Two (Out)bidding Women: Public Procurement Reform Diffusion and Gender Equality in Africa

Academic journal article Wagadu: a Journal of Transnational Women's and Gender Studies

Two (Out)bidding Women: Public Procurement Reform Diffusion and Gender Equality in Africa

Article excerpt

"We will increase transparency and equal participation in the budgeting process, and promote gender responsive budgeting and tracking. We will establish transparent public procurement frameworks as a strategic tool to reinforce sustainable development."

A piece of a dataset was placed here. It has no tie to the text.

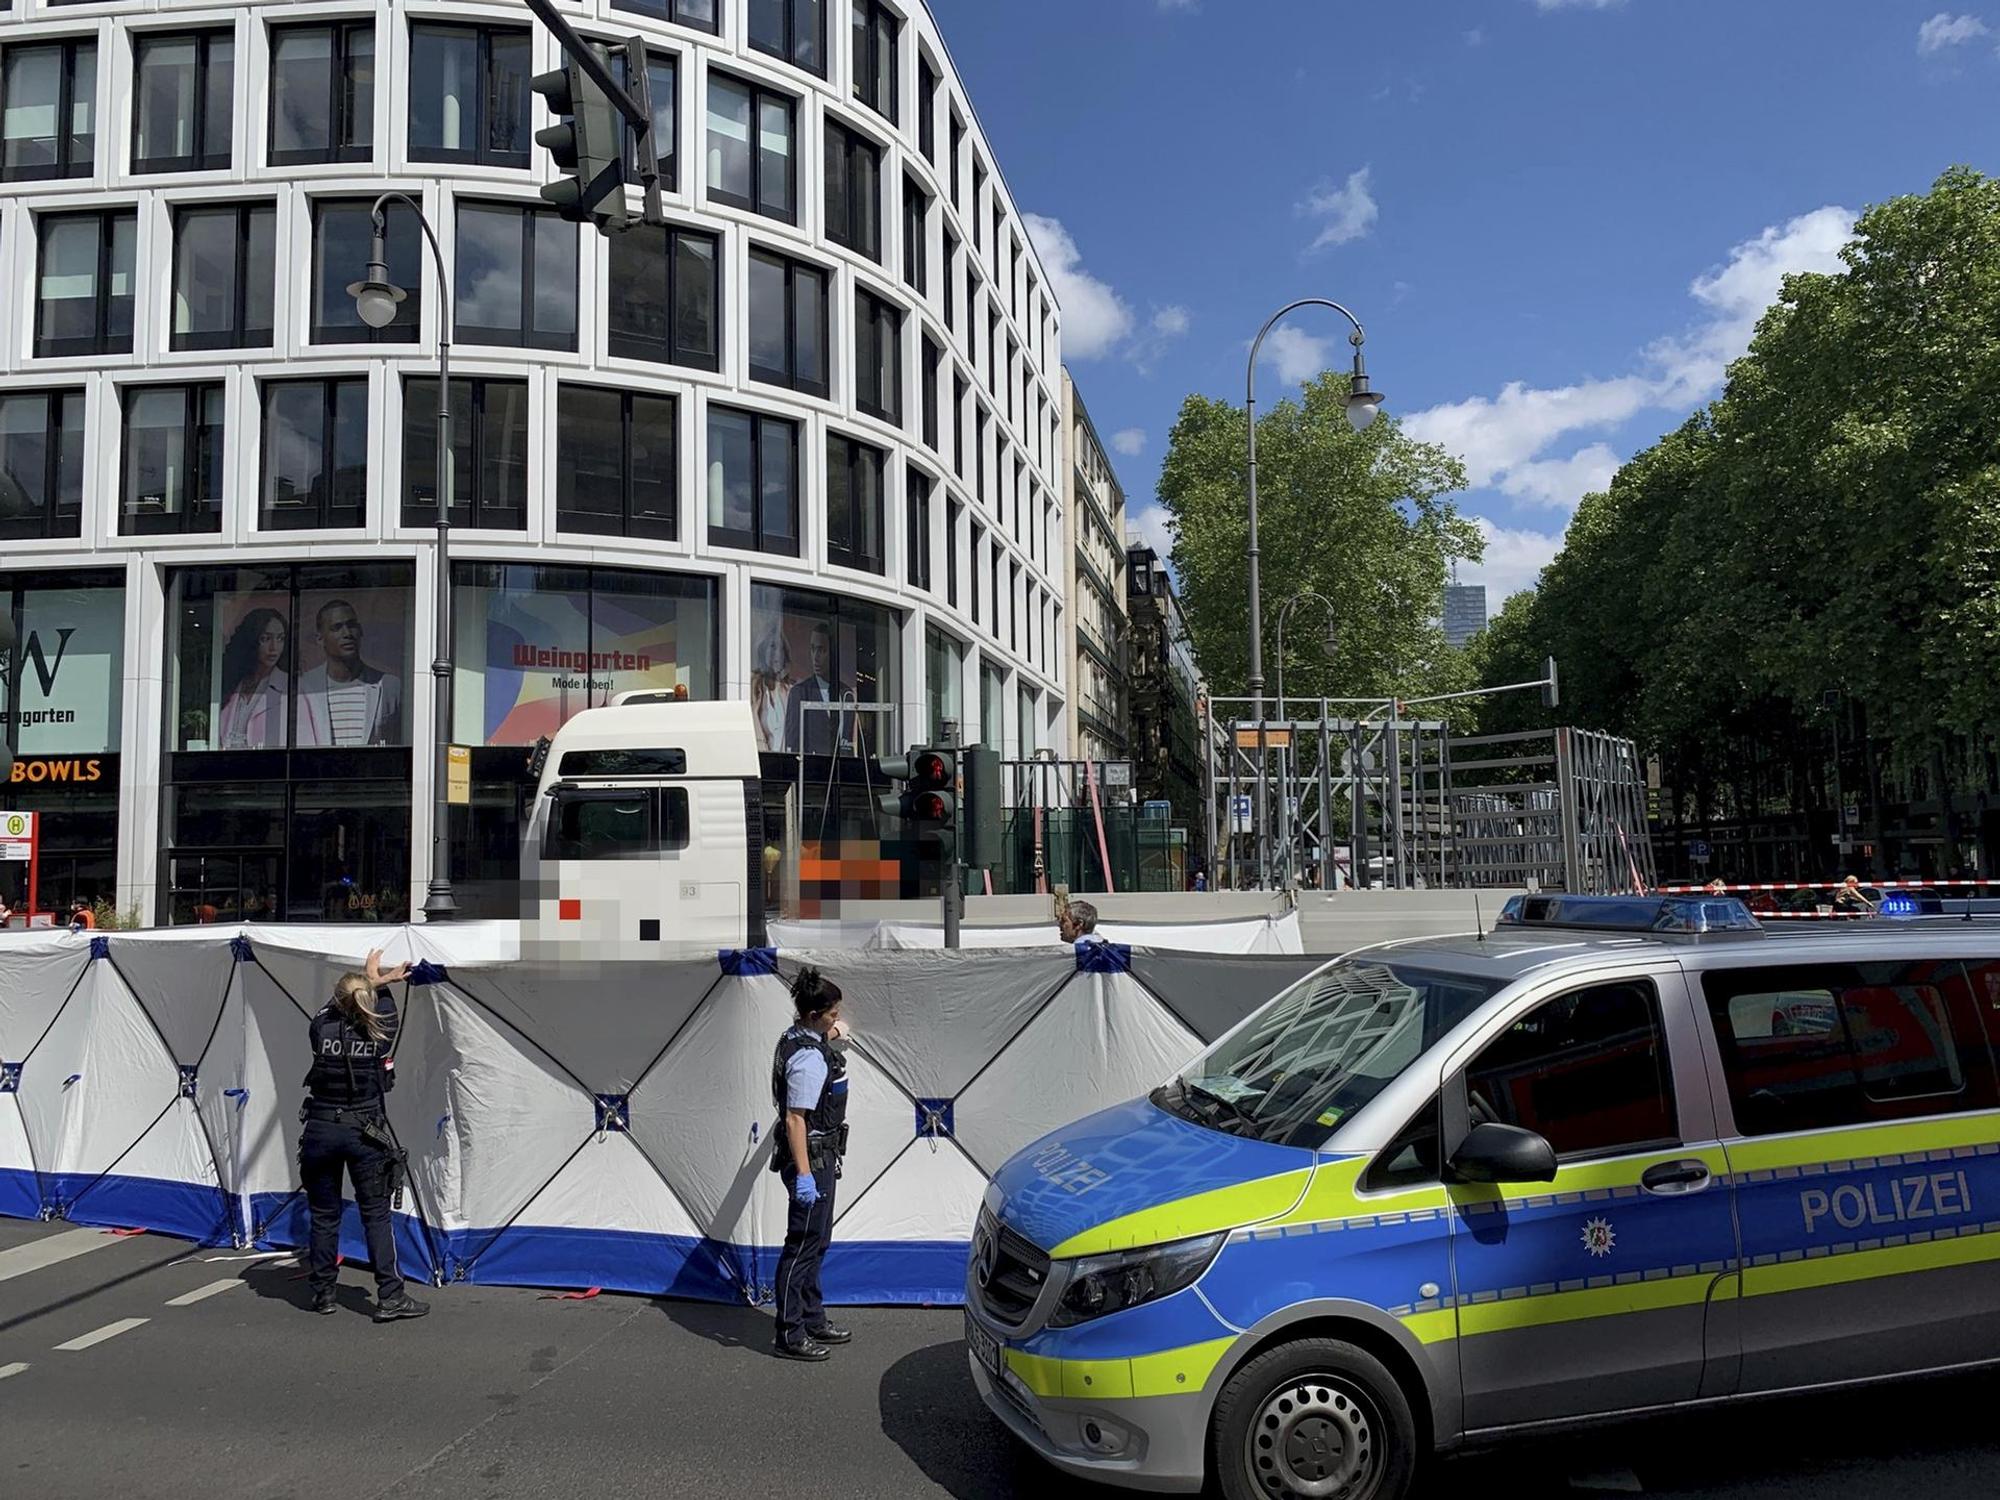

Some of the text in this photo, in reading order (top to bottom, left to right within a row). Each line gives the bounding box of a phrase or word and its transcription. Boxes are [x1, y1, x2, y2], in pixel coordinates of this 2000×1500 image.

2015 Addis Ababa Action Agenda of the Third International Conference on Financing for Development

"Concerning gender inequality, which is the most important component of social inequality in African states, the international institutions are the most conservative par excellence."

Tukumbi Lumumba-Kasongo

"As the site of actions shifts, so equality agendas must be renegotiated."

Janet Newman


Are African states bidding for or against gender equality in government outsourcing schemes for the procurement of public works, goods and services? What in the governance of public services provision could be accounted for as continuity of progressive change or setback for gender equality when government outsources its function? Recent scholarship in political science shows the status of women has become a global norm and an indicator of development that speaks to the homogenization of an international society. It is widely recognized that economic arrangements that exclude women's participation are detrimental to the overall economic growth of nation-states. Scholars have interpreted the spectacular transformation of women-states relations (women's suffrage, sex quota laws, and women's representation in national policy bureaus) as implying the victory of individualization and of the state as the chief mode of political organization (Towns, 2010). Since 2010, the proportion of seats in a single or lower chamber held by women in national parliaments in Africa, South of the Sahara (all income combined), has been either higher than or equal to global average (World Bank, 2015). As of August 2015, women in national parliaments (both houses combined) represented about 23 percent of World average. Yet, sixteen African states located South of the Sahara make up the top 50 list of countries whose women's representation is higher than 24 percent in national parliaments (IPU, 2015). Not only has universal suffrage been adopted everywhere on the continent, but Liberia, Burundi, Gabon, Malawi, Mauritius, the Central African Republic, and Zambia have joined a small circle of states headed by women albeit with different mandates. Cultural attitudes toward women and structural barriers against their inclusion in public leadership positions are changing thanks to women's organizing and international efforts to bring about gender equality worldwide (Rupp, 1997; True, 2001; Inglehart & Norris, 2003).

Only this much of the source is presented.